Gathered at the Edge of Light Exhibition – Michael Mazur

“Albert Merola Gallery at 424 Commercial St. [Provincetown, Mass.] is happy to present its first exhibition of 2020 from June 12 to July 1 — paintings by Michael Mazur. The exhibition’s title, Gathered at the Edge of Light, comes from a passage early on in Dante’s Inferno. It is appropriate in many ways, not least of which is that Mazur deeply studied Dante’s masterwork, and had a deep love of all things Italian. One of his major accomplishments was the epic illustration of the Inferno. He made drawings, monoprints, and a complete suite of etchings, illustrating the story of Dante and Virgil’s journey through Hell. This accompanied the translation done by Robert Pinsky, a United States Poet Laureate and dear friend of Michael and Gail Mazur.”    —Wicked Local, June 10, 2020

See our previous post on Mazur’s work here.

Edward Smyth Jones, “Harvard Square” (1910)

“I would like to submit one last example of a writer of color who turns to Dante in a moment of personal crisis. Consider the case of Edward Smythe Jones, who ‘in his over-mastering desire to drink at the Harvard fountain of learning tramped out of the Southland up to Cambridge. Arriving travel-worn, friendless, moneyless, hungry, he was preparing to bivouac on the Harvard campus his first night in the University city, when, being misunderstood, and not believed, he was apprehended as a vagabond and thrown into jail. A poem, however, the poem which tells this story, delivered him. The judge was convinced by it… and set him free to return to the academic shades’ (Kerlin 163-64). The poem called ‘Harvard Square’ ends on this note: ‘Cell No. 40, East Cambridge Jail, Cambridge, Massachusetts, July 26, 1910.’ But the familiar scenario of a black man harassed by the police and thrown in jail for no discernible reason is transformed into a magical encounter with the muse. The divine goddess of inspiration comes to the poet’s aid with a brief lesson in literary history in which she compares his fate to Dante’s — ‘I placed great Dante in exile’ — suggesting that she has now done the same to Jones. Dante’s actual banishment from Florence sheds light on the figurative exile of Jones: the Negro in the white man’s world; the southerner in the North; the backwoodsman in the ‘University city’; the autodidact amidst the hypereducated; and the would-be Dante at the very center of Dante’s American home.”   — Dennis Looney, Freedom Readers: The African-American Reception of Dante Alighieri and the Divine Comedy (Univ. of Notre Dame Press, 2011), pp. 201-202

An excerpt of the poem “Harvard Square” is printed below. You can access the full poem, in Jones’s collection The Sylvan Cabin, on Project Gutenberg, as well as the volume by Kerlin cited above.

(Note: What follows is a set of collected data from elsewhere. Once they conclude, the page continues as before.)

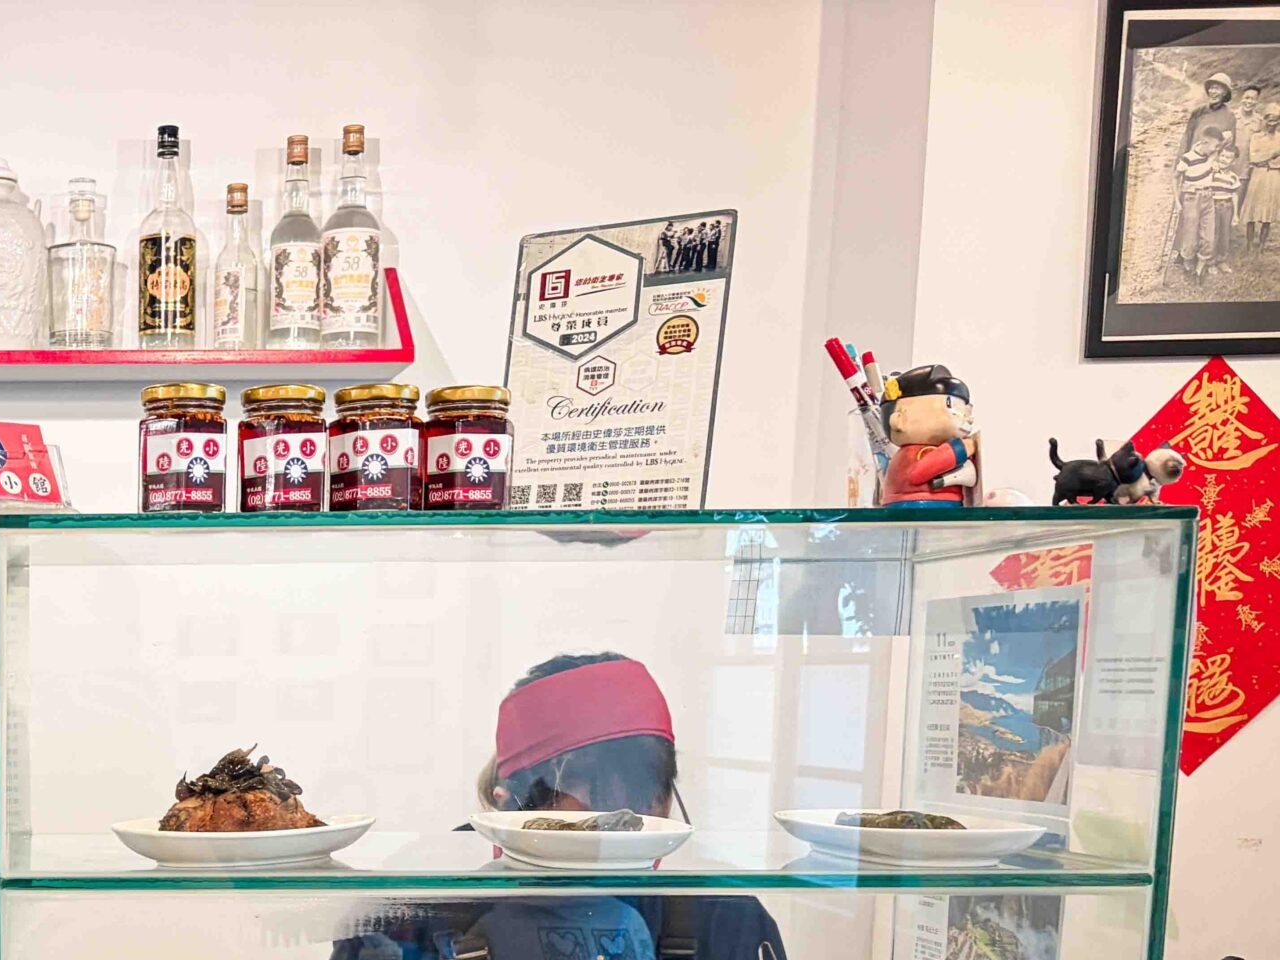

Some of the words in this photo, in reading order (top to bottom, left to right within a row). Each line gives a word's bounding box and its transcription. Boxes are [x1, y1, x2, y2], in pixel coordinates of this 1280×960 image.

[342, 256, 361, 272] 58
[293, 265, 308, 278] 58
[576, 309, 604, 318] Honorable
[604, 307, 628, 315] member
[571, 333, 596, 344] 2024
[547, 395, 667, 426] Certification
[540, 424, 667, 443] 本場所經由史偉莎定期提供
[538, 456, 562, 466] property
[564, 455, 588, 464] provides
[588, 453, 618, 463] periodical
[659, 449, 678, 457] under
[514, 466, 539, 474] excellent
[540, 464, 582, 473] environmental
[583, 462, 603, 472] quality
[604, 460, 634, 469] controlled
[149, 490, 213, 503] (02)8771-8855
[332, 486, 392, 502] (02)8771-8855
[428, 489, 493, 503] (02)8771-8855
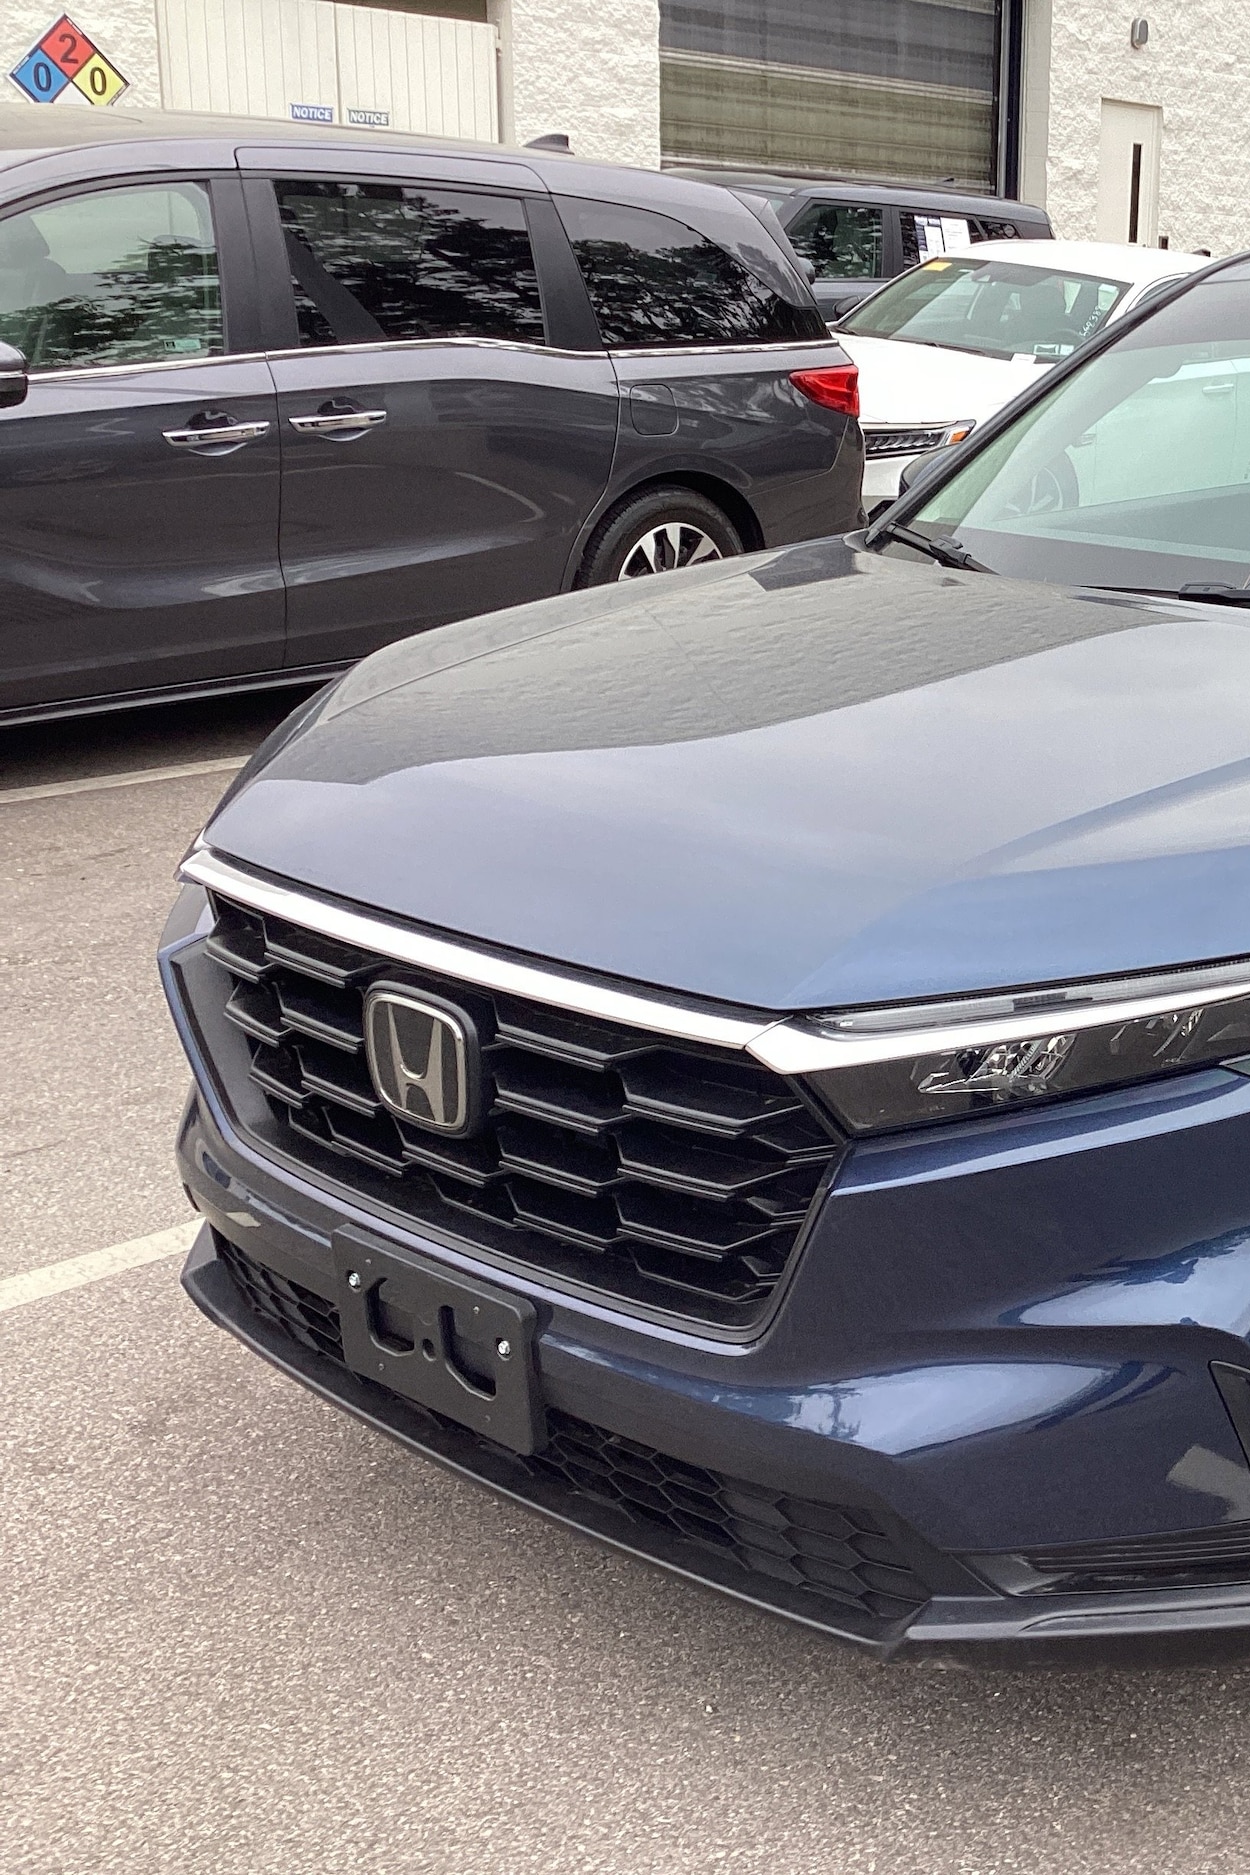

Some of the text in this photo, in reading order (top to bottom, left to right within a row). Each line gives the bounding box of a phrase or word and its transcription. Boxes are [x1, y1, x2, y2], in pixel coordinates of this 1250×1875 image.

[59, 33, 79, 64] 2
[33, 62, 52, 92] 0
[90, 66, 107, 96] 0
[293, 105, 332, 121] NOTICE
[350, 110, 388, 125] NOTICE

“Weep not, my son, thy way is hard,
Thy weary journey long—
But thus I choose my favorite bard
To sing my sweetest song.
I’ll strike the key-note of my art
And guide with tend’rest care,
And breathe a song into thy heart
To honor Harvard Square.

“I called old Homer long ago,
And made him beg his bread
Through seven cities, ye all know,
His body fought for, dead.
Spurn not oppression’s blighting sting,
Nor scorn thy lowly fare;
By them I’ll teach thy soul to sing
The songs of Harvard Square.

“I placed great Dante in exile,
And Byron had his turns;
Then Keats and Shelley smote the while,
And my immortal Burns!
But thee I’ll build a sacred shrine,
A store of all my ware;
By them I’ll teach thy soul to sing
A place in Harvard Square.”   — Edward Smyth Jones, “Harvard Square” (1910)

What Dante did with Loss by Jan Conn

What Dante Did With Loss is Jan Conn’s fourth book of poems. Central to this powerful new collection is a suite of poems charting the explosive emotions surrounding her mother’s suicide. Other poems range from meditations on South American flora and fauna to postmodern encounters with immortality.

“Jan Conn was brought up in Asbestos, Quebec. She now lives in Great Barrington, Massachusetts and works as a professor of Biomedical Sciences whose research is focused on mosquitoes, their evolution and ecology. She has published seven previous books of poetry.”    —Véhicule Press, 1998.

You can purchase Conn’s book of poetry through Véhicule Press or through Amazon.

New England Winter Hell

new-england-circles-of-winter-hell-2016This cartoon by Beth Wolfensberger Singer summarizes the struggles of New Englanders during the winter season.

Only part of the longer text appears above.